The federal government also is beginning to recognize the importance of taking urgent action on climate change and has passed major pieces of legislation in recent years aimed in part at addressing climate concerns. The Bipartisan Infrastructure Law (BIL), signed into law in November 2021, provides roughly $550 billion in funding over five years toward infrastructure programs, many of which seek to bolster the nation’s climate resilience. The Inflation Reduction Act (IRA), signed into law in August 2022, is more narrowly focused on providing federal support for climate mitigation activities. It contains roughly $369 billion in direct funding over 10 years, as well as significant increases to a wide range of federal tax credits that incentivize activities in line with the Biden administration’s climate goals.
This article will focus on two key conservation-related programs that received a boost in these bills and are accessible to park and recreation professionals — the Clean Water State Revolving Fund (CWSRF) for green stormwater infrastructure and the Urban and Community Forestry (UCF) Program for tree planting in or around towns and cities. Both programs leverage the power of parks and recreation to improve and expand green spaces and, in line with President Biden’s Justice40 Initiative, will prioritize investments for disadvantaged communities that are marginalized, underserved or overburdened by the harmful exposure to pollution.
Clean Water State Revolving Fund
The Environmental Protection Agency’s (EPA’s) CWSRF is the primary federal funding source for green stormwater infrastructure projects. Funding for this program is sent from the EPA to State Revolving Fund programs managed by state governments, and from there is allocated via low-cost loan financing to specific projects based on the state’s project priority list, which ranks the importance of projects based on a variety of state-determined factors.
The BIL provided $11.73 billion over five years for the CWSRF program, an average of $2.35 billion per year. This injection of BIL funds builds on the annual appropriation of roughly $1.6 billion for the program, essentially tripling the amount of funding it is expected to receive each year through fiscal year 2026. About 20 percent of these funds have gone to congressional earmarks in recent years, but as a whole states are still receiving far more funding than in years past.

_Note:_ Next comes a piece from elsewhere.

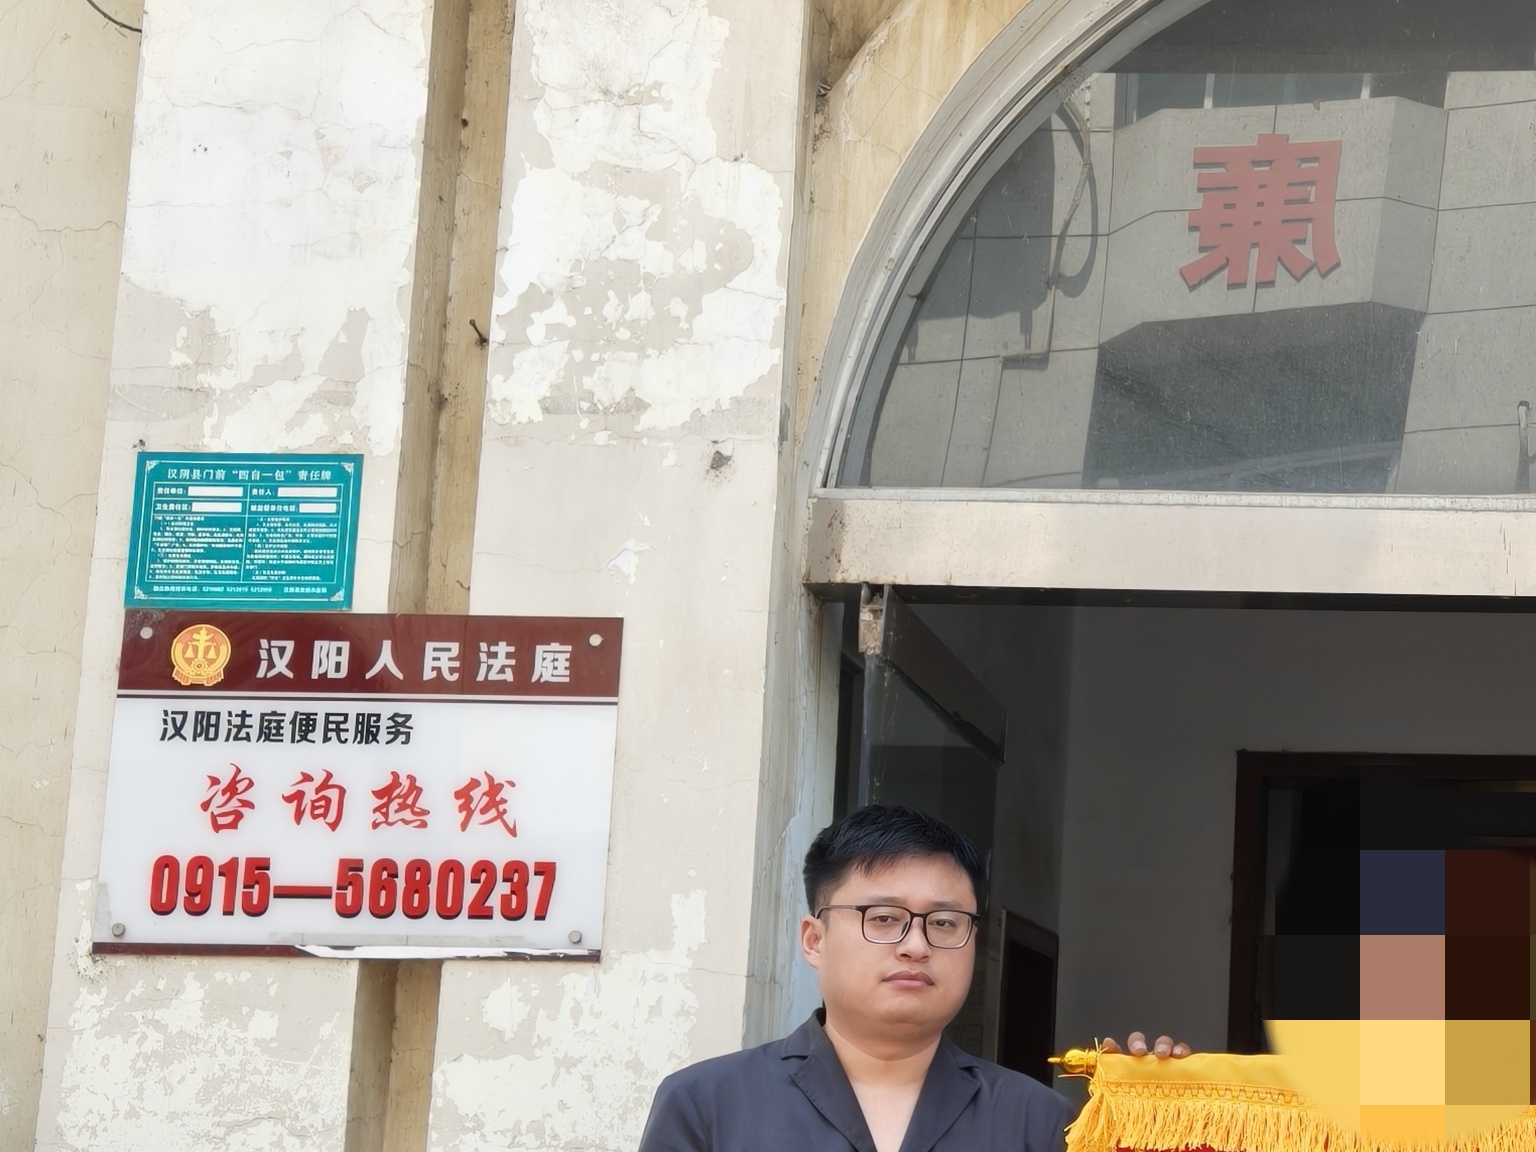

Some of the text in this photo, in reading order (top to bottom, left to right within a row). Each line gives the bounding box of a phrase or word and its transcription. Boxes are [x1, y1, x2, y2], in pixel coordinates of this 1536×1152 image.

[256, 638, 573, 684] 汉阳人民法庭
[159, 709, 414, 746] 汉阳法庭便民服务
[200, 763, 518, 838] 咨询热线

A primary purpose of the CWSRF program is to fund water utilities and other entities to carry out wastewater and stormwater infrastructure projects. However, it is mandatory that states use a minimum of 10 percent of their allocation for projects that address green infrastructure. This set-aside, known as the Green Project Reserve, presents an opportunity for park departments to partner with their local water utility or other stakeholders, and apply for funding from their state. Specific examples of eligible projects noted by EPA include bioretention cells, trees and expanded tree boxes, green roofs, permeable pavements, and more — essentially any nature-based solutions that improve flood mitigation and stormwater management.

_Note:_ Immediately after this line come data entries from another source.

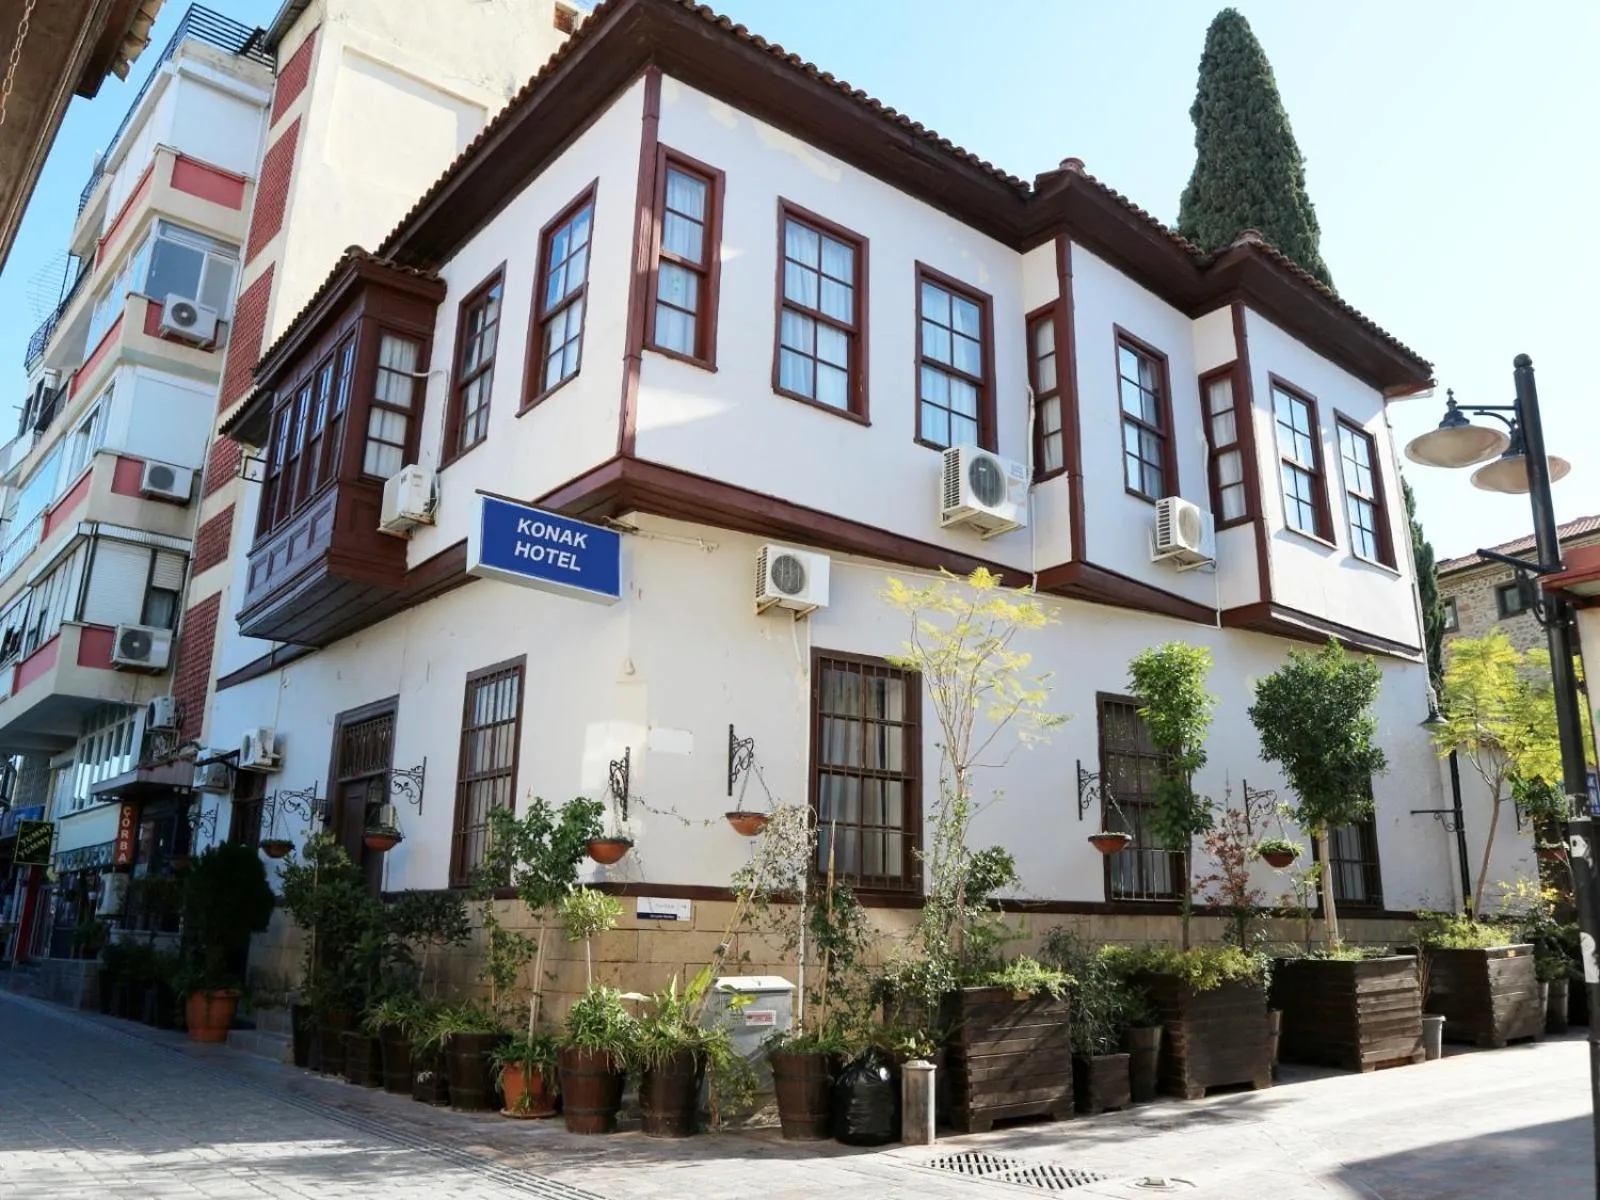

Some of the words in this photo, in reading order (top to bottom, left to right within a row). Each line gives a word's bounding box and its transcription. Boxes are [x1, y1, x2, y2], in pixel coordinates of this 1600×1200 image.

[516, 518, 589, 549] KONAK
[514, 540, 581, 572] HOTEL
[118, 806, 132, 864] ÇORBA
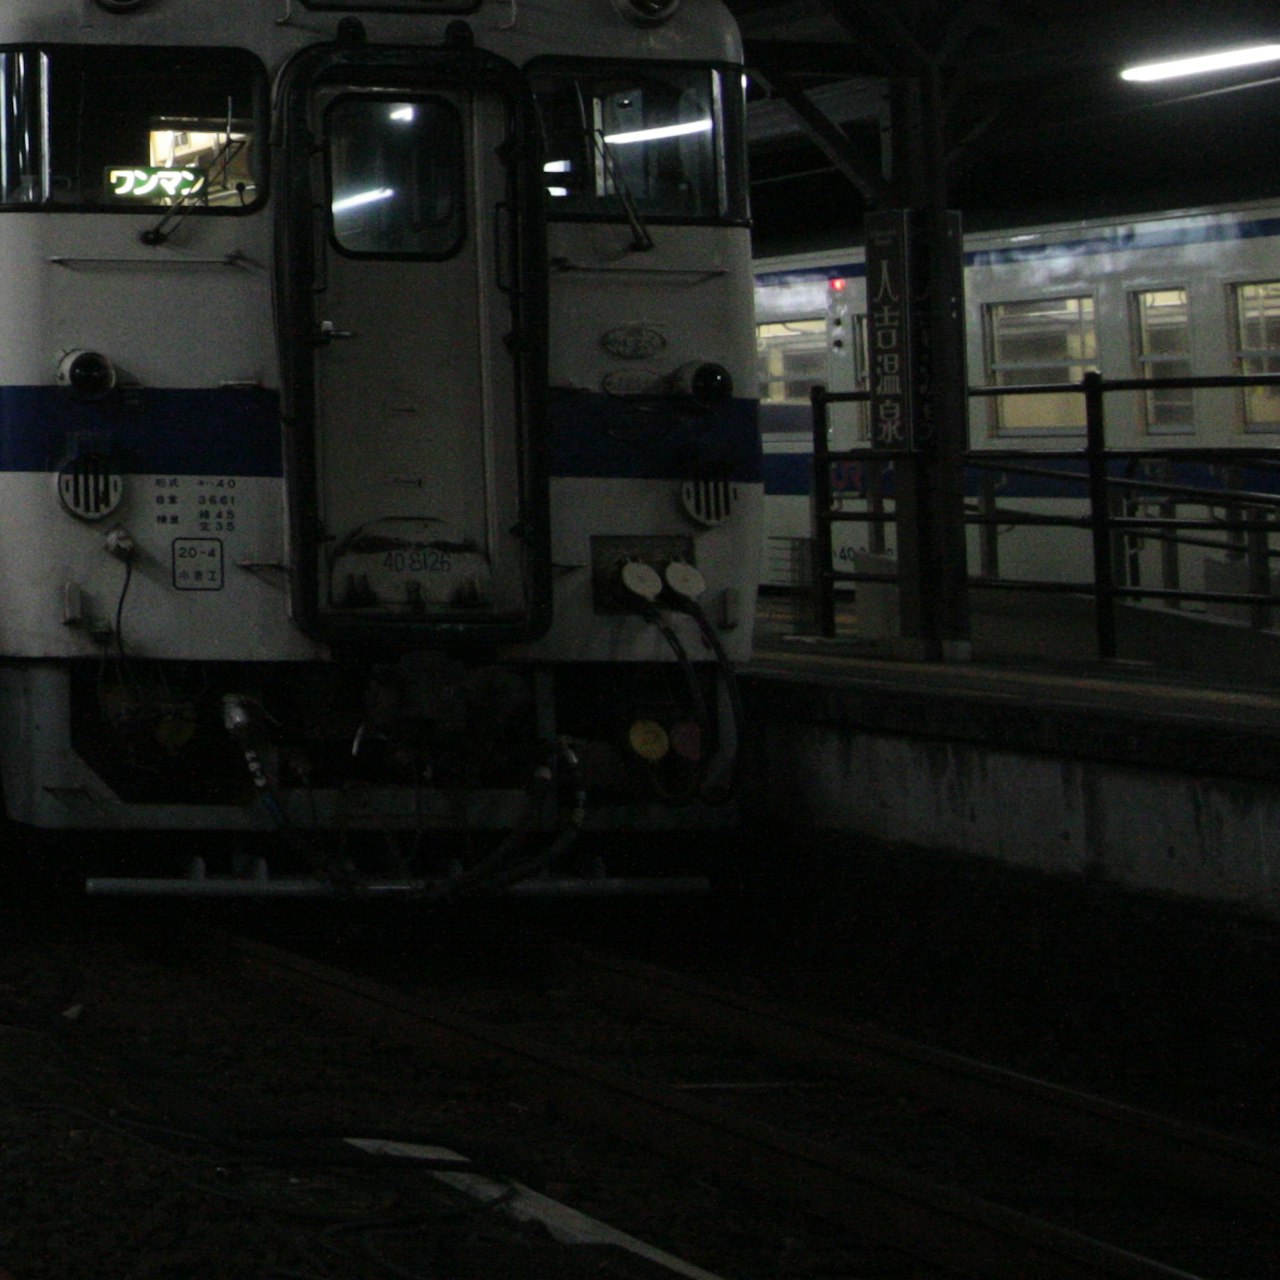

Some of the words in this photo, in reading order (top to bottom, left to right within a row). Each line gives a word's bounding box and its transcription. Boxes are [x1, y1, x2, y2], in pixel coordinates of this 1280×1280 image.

[109, 169, 205, 196] ワンマン
[872, 259, 904, 443] 人吉温泉
[178, 547, 216, 559] 20-4

Urban and Community Forestry Program
The U.S. Department of Agriculture’s (USDA’s) Urban and Community Forestry Program is a great source of funding to support urban tree planting and related initiatives. Funding for this program is distributed as grants from the USDA’s Forest Service to state, local and Tribal governments, or nonprofit organizations. The program, which has received annual funding of between $36-$40 million in recent years, was allocated $1.5 billion over 10 years under the IRA.

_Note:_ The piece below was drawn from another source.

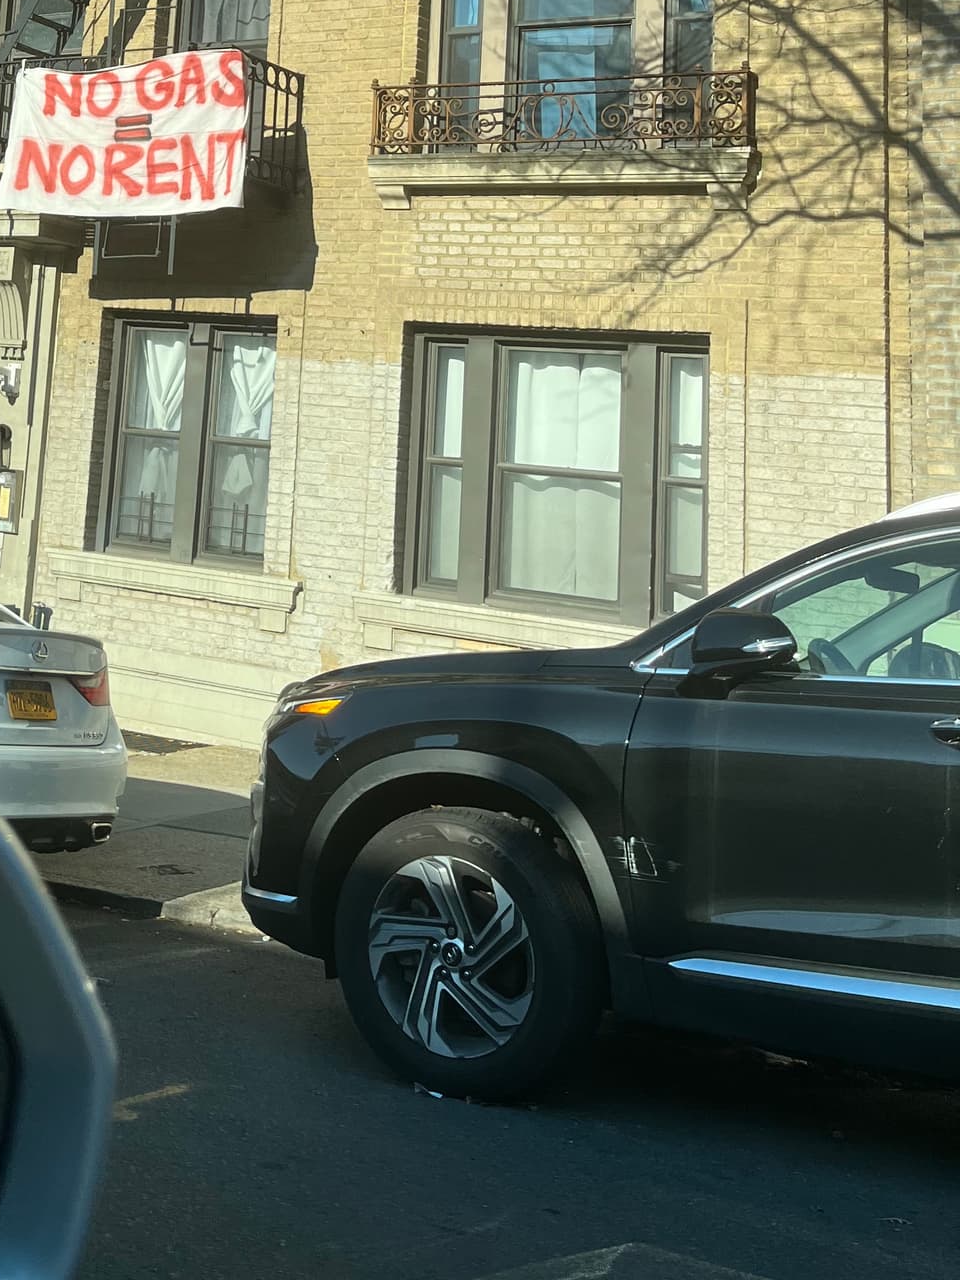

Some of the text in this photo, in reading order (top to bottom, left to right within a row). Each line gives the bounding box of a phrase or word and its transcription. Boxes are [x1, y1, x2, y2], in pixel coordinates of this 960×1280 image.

The program has historically been used to support a wide range of activities related to urban forestry, including tree planting initiatives and related items — such as training the next generation of forestry professionals, improving tree cover databases, and mitigating wildfire risk to urban areas. The Forest Service’s website touts case studies highlighting how the program increased access to green spaces in the economically disadvantaged community of South Tucson, Arizona, and supported youth work crews in Anchorage, Alaska.
With its new injection of funds, the Forest Service will lean on local partners, including park and recreation departments, to carry out this work to a much higher degree in years to come.